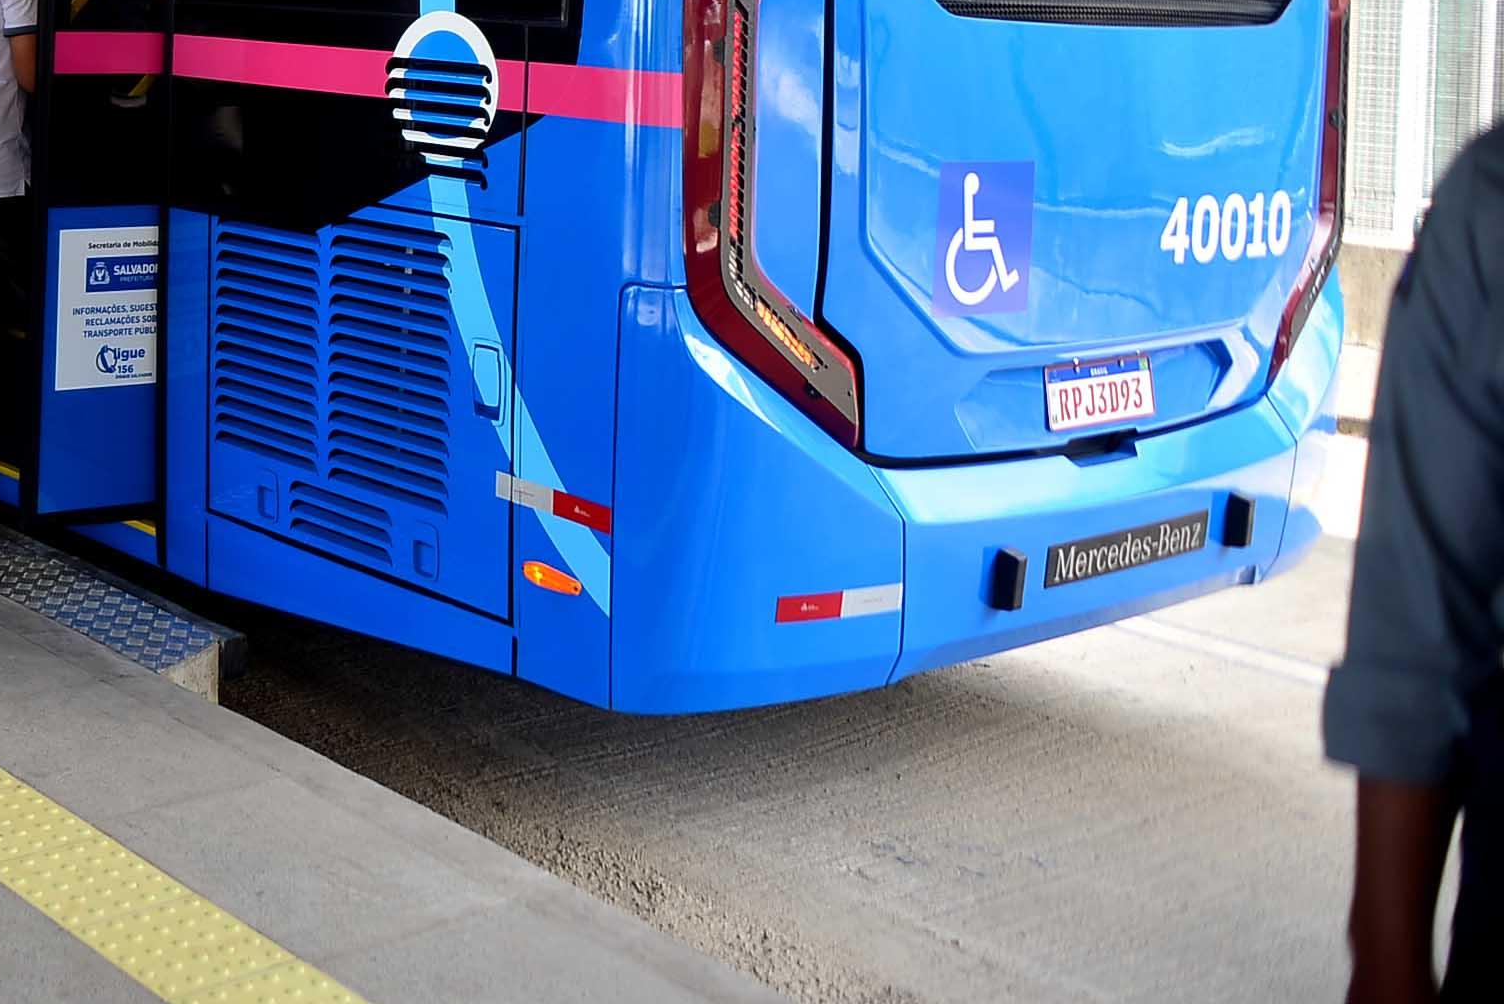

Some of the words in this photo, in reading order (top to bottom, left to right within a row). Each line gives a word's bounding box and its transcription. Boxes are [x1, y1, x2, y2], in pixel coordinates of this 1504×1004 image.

[1159, 189, 1292, 265] 40010
[88, 241, 122, 249] Secretaria
[122, 240, 132, 248] de
[85, 315, 141, 327] RECLAMAÇÕES
[83, 327, 133, 338] TRANSPORTE
[117, 364, 134, 374] 156
[1058, 377, 1143, 422] RPJ3D93
[1053, 521, 1202, 583] Mercedes-Benz
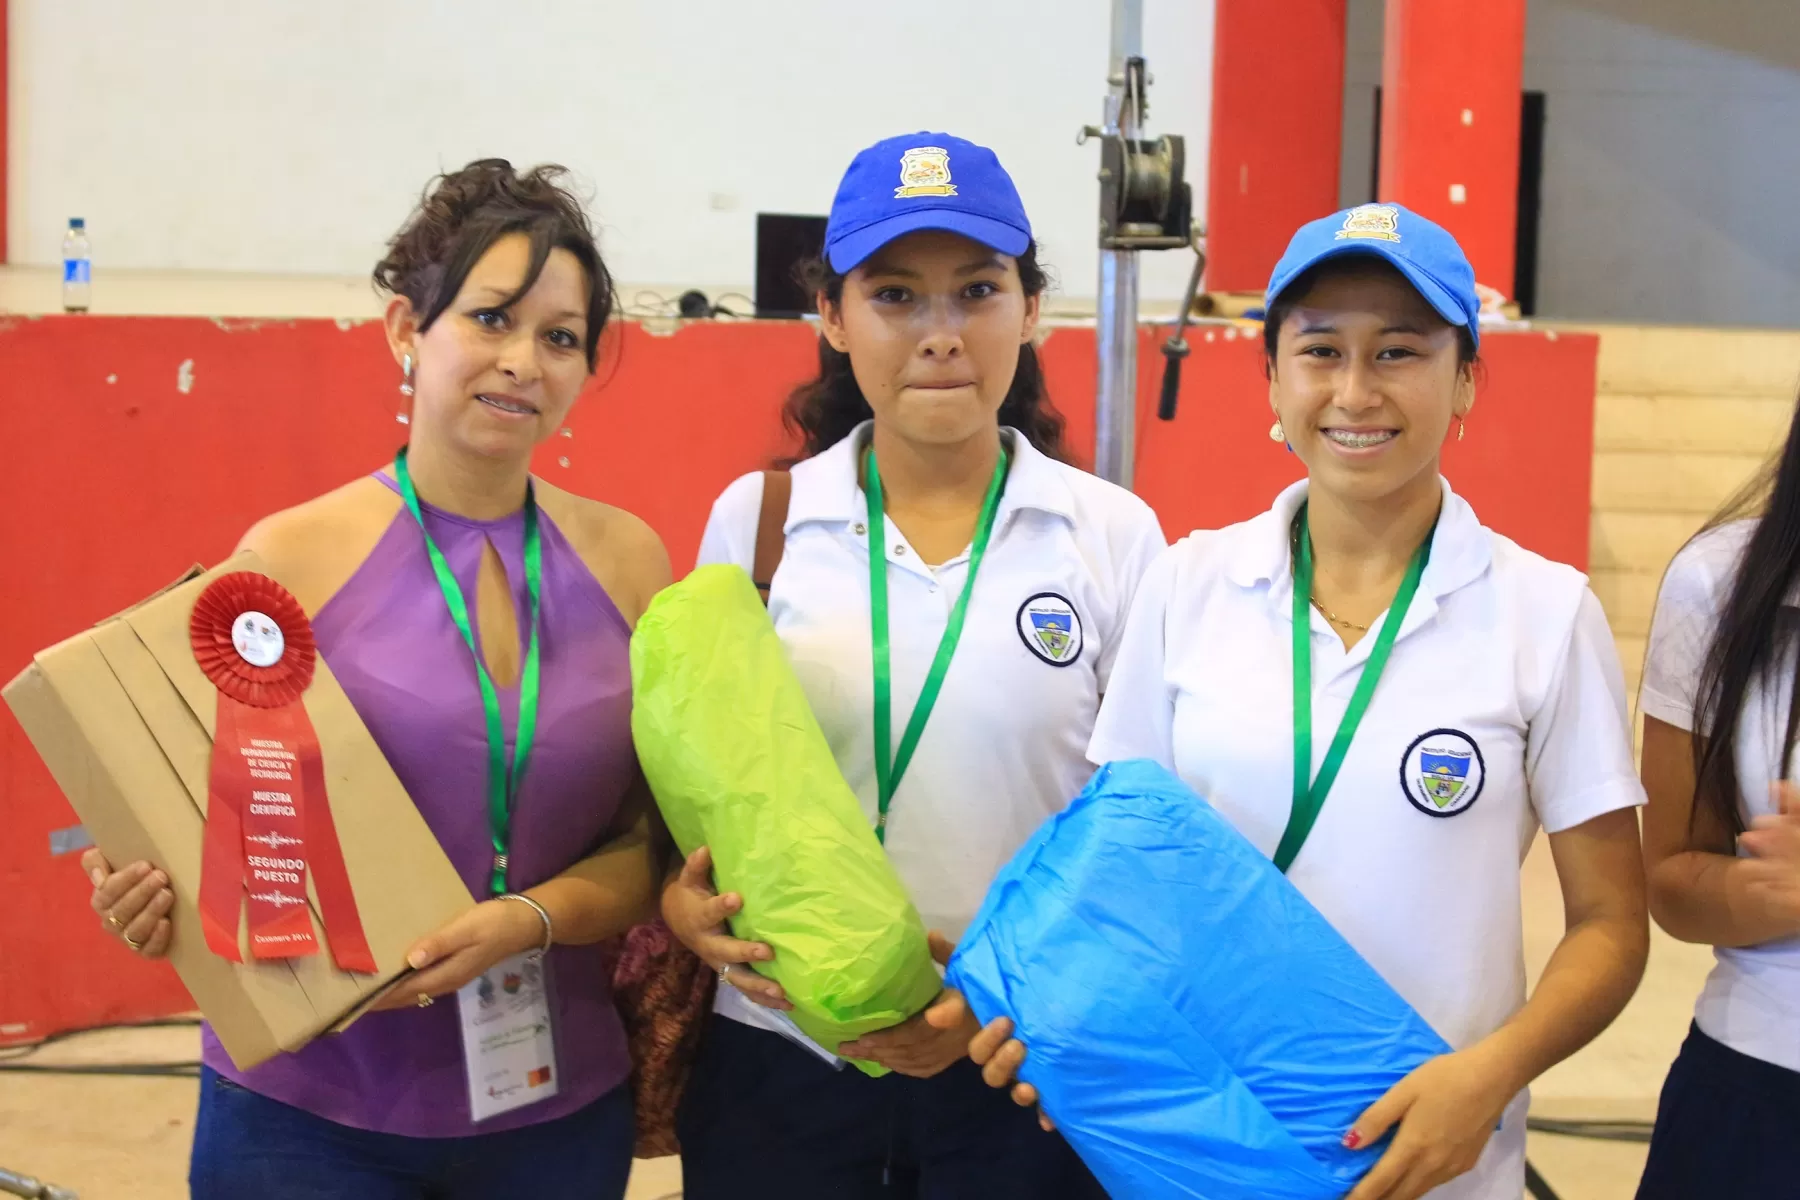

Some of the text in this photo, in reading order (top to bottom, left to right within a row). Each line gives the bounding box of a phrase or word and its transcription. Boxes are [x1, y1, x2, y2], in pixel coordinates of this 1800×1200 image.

[247, 758, 293, 771] DE CIENCIA Y
[252, 790, 292, 804] MUESTRA
[247, 855, 305, 871] SEGUNDO
[254, 869, 300, 884] PUESTO
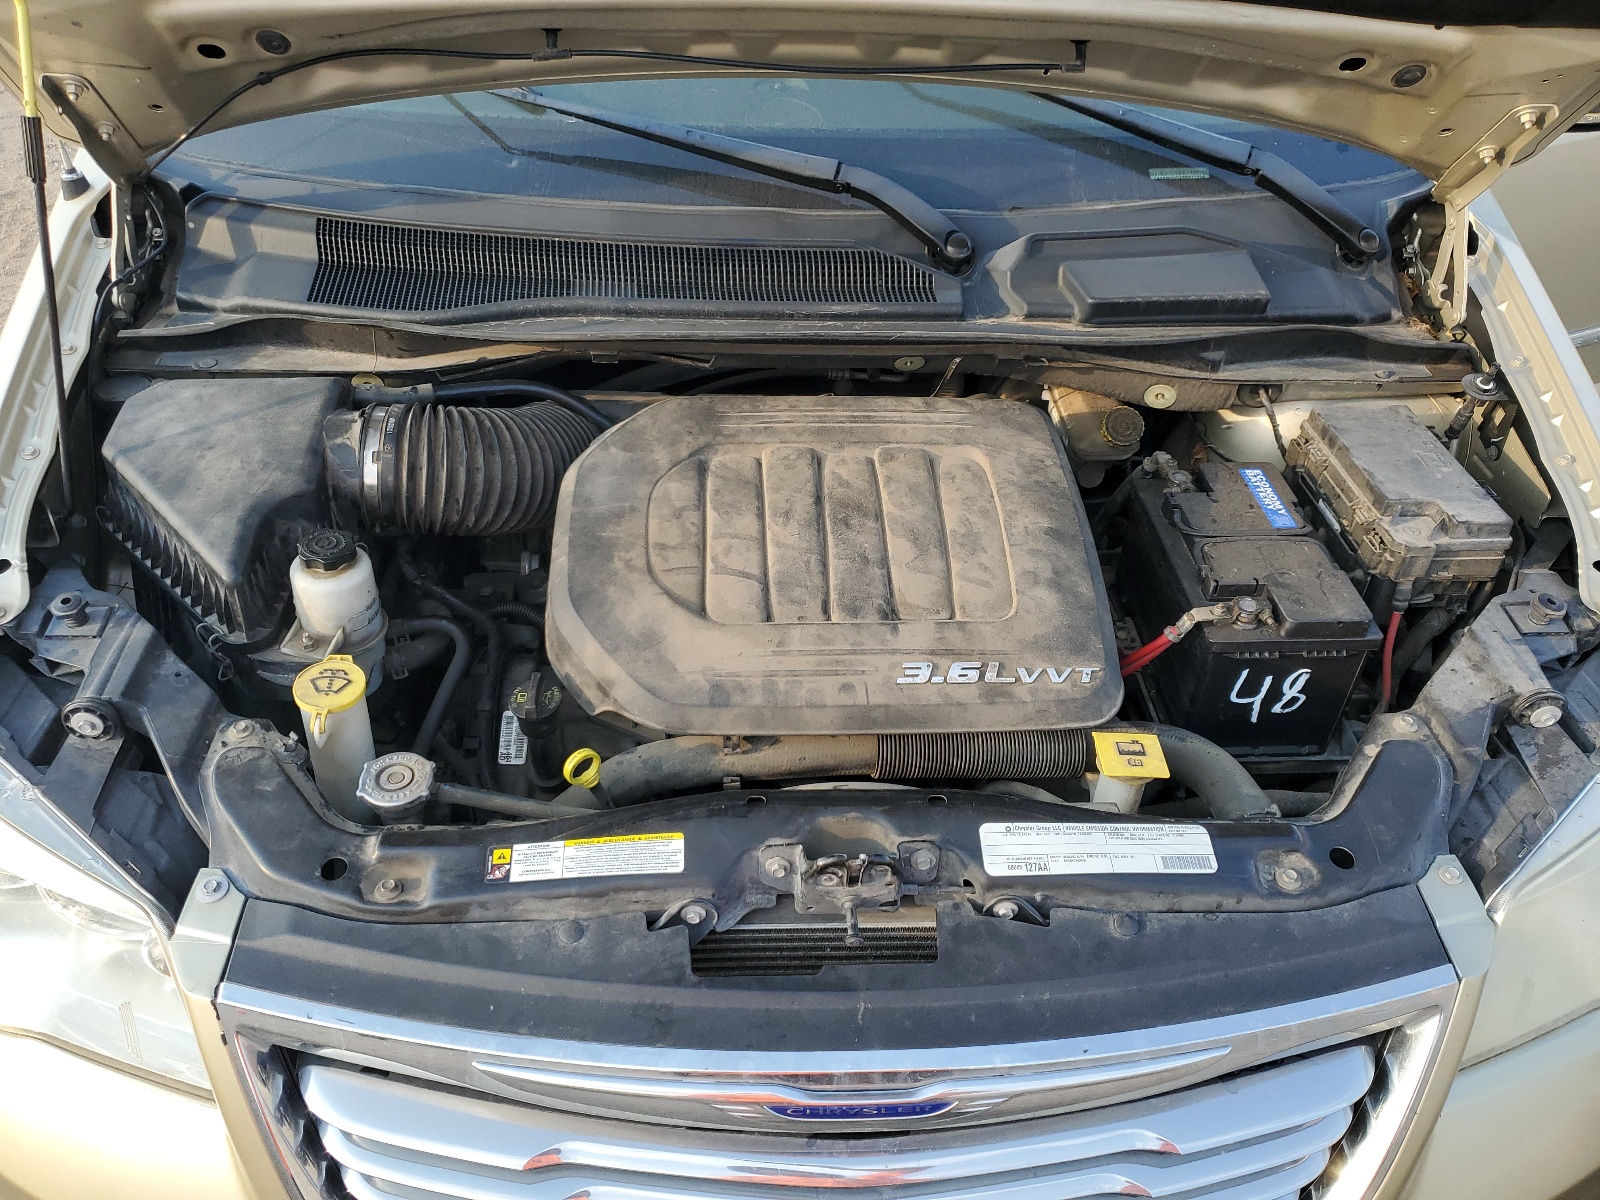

• EXERCISE
Exclude every picture and copy the remaining data exactly.

• SOLVED PROBLEM
Some of the words in this photo, in reading order (top to bottom, left to right within a row). Each line gives a word's bounding box and its transcription. Boxes are [x1, y1, x2, y2], in pixel coordinates of this 1504×1004 image.

[1159, 189, 1292, 265] 40010
[88, 241, 122, 249] Secretaria
[122, 240, 132, 248] de
[85, 315, 141, 327] RECLAMAÇÕES
[83, 327, 133, 338] TRANSPORTE
[117, 364, 134, 374] 156
[1058, 377, 1143, 422] RPJ3D93
[1053, 521, 1202, 583] Mercedes-Benz

Some of the text in this photo, in reading order (top to bottom, left to right within a row). Each line gives the bounding box of a phrase or word and its transcription. Boxes are [x1, y1, x2, y2], in pixel coordinates of this 1800×1200 image.

[247, 758, 293, 771] DE CIENCIA Y
[252, 790, 292, 804] MUESTRA
[247, 855, 305, 871] SEGUNDO
[254, 869, 300, 884] PUESTO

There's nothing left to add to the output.